Supplied data:
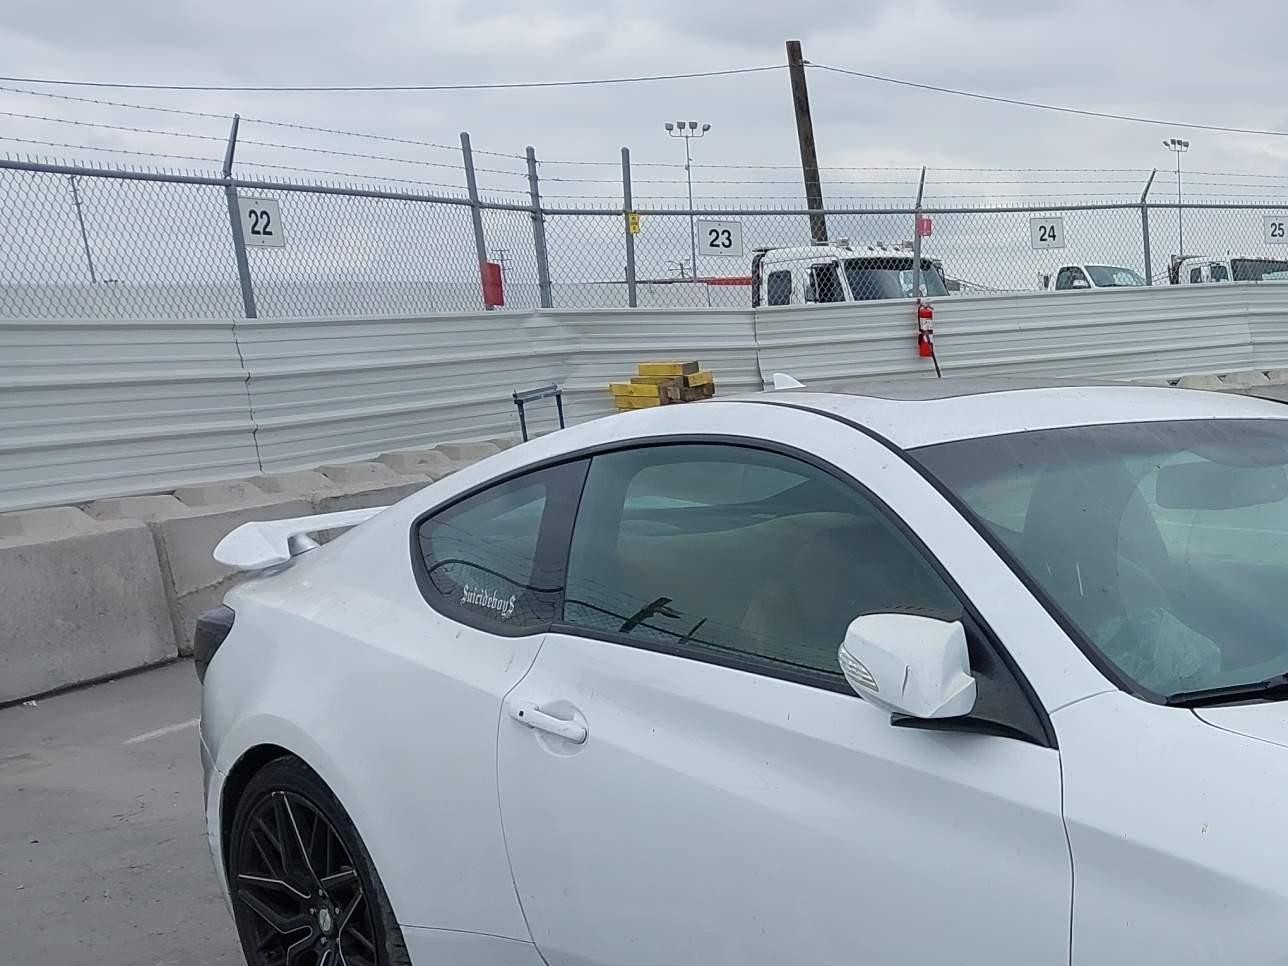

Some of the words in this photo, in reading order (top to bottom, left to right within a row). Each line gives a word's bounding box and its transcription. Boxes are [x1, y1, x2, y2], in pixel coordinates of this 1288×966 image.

[248, 209, 273, 236] 22
[1270, 222, 1285, 238] 25
[708, 228, 733, 249] 23
[1038, 225, 1057, 242] 24
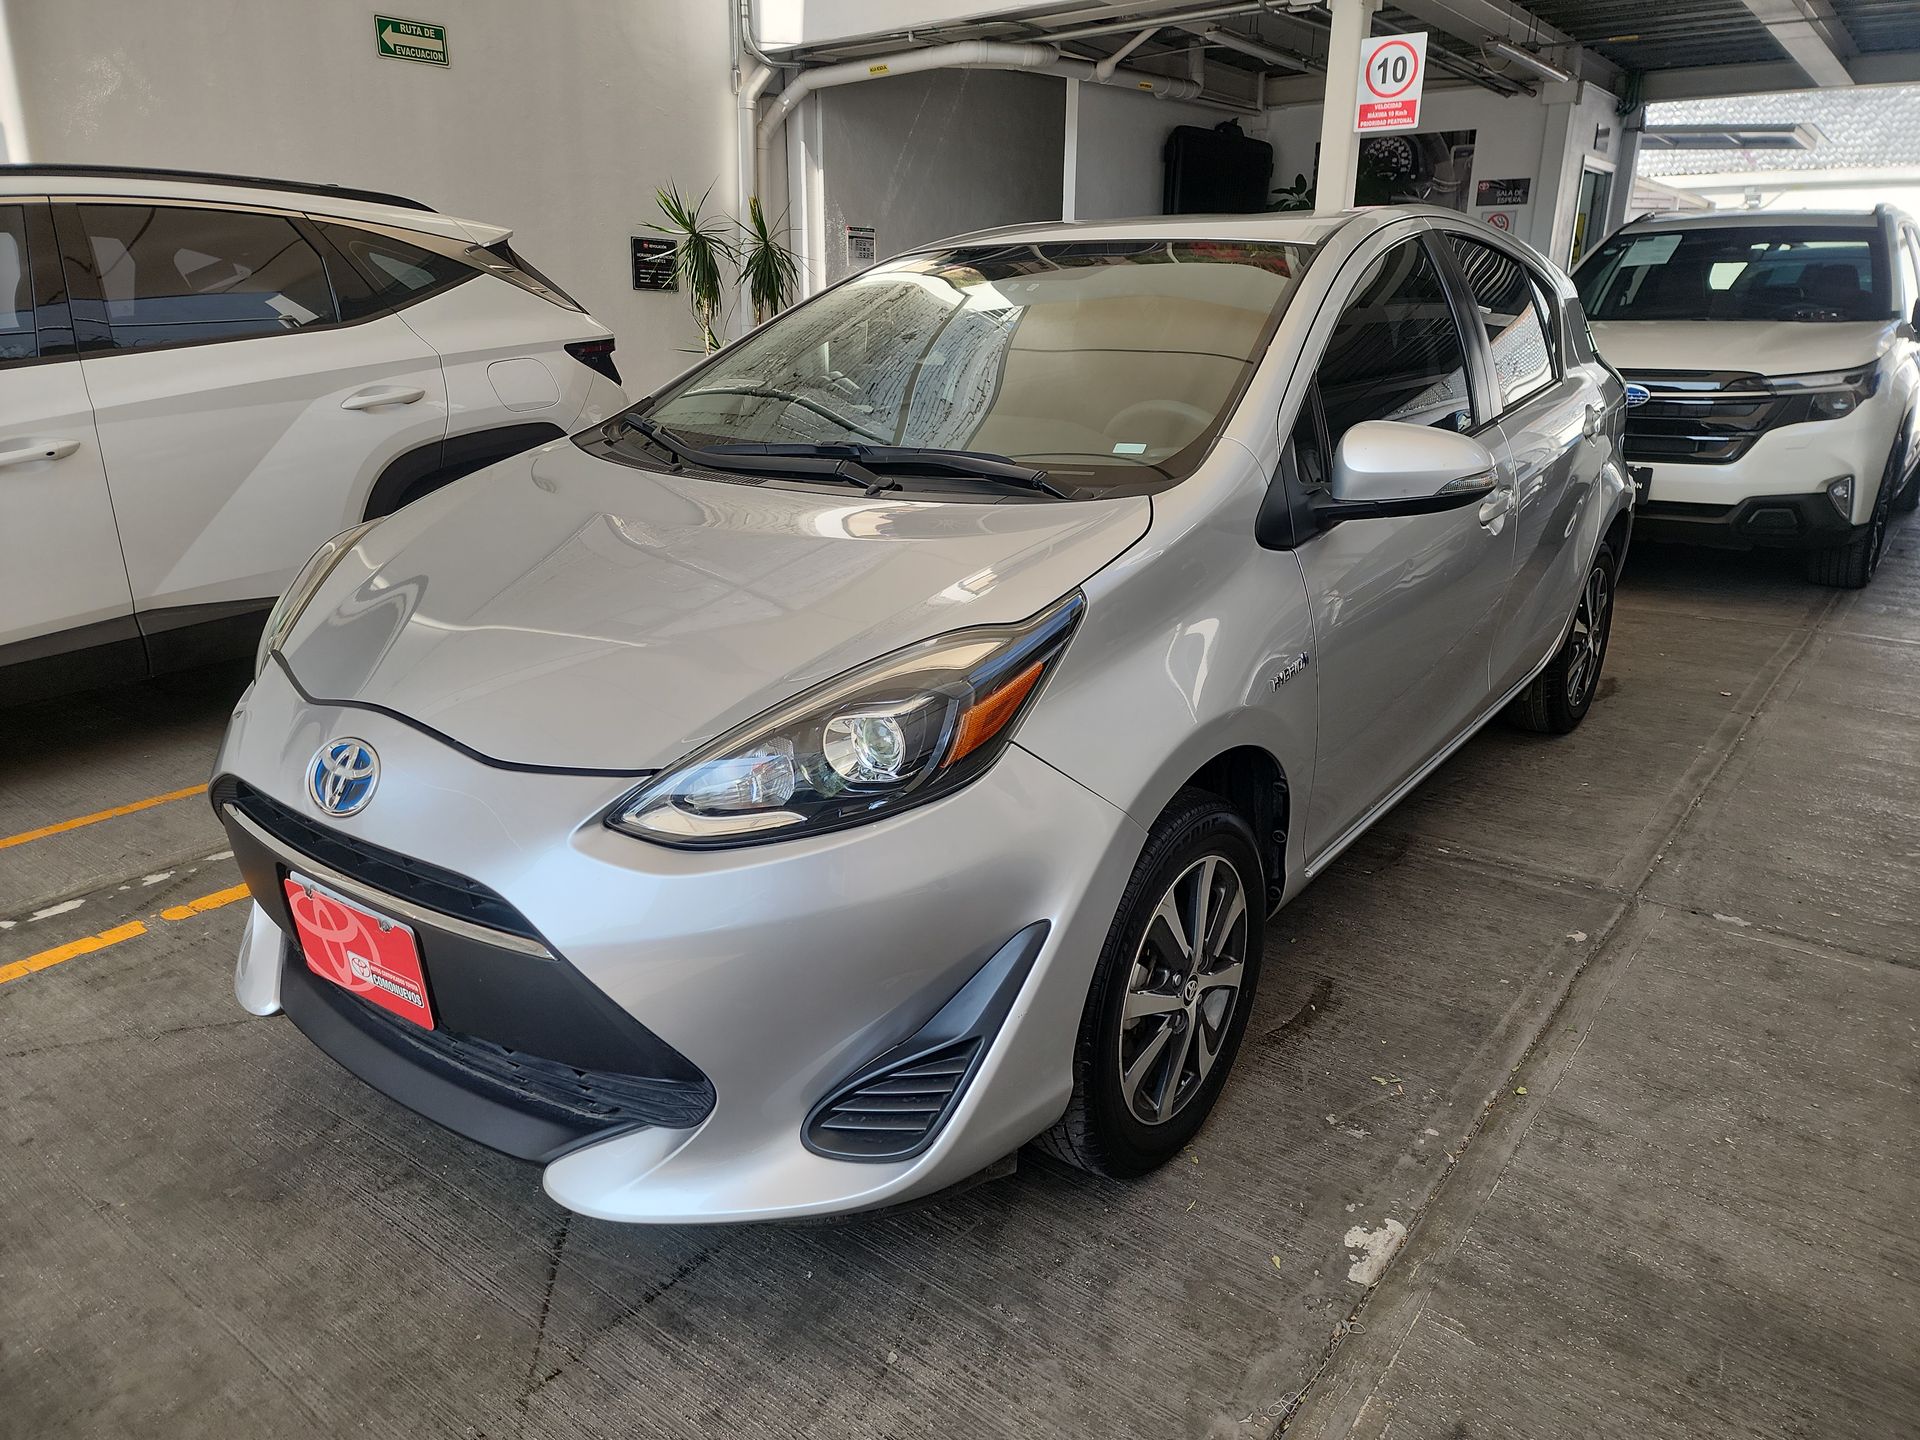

Exercise prompt:
Although the records above contain pictures, your copy should give only their text, exactly as written.

Exercise output:
Some of the words in this photo, in reading order (top to bottom, left to right within a row). Each line gives a word's bounding box and its transcription. Boxes are [x1, y1, x2, y2], in pixel coordinates of this 1288×966 image.

[248, 209, 273, 236] 22
[1270, 222, 1285, 238] 25
[708, 228, 733, 249] 23
[1038, 225, 1057, 242] 24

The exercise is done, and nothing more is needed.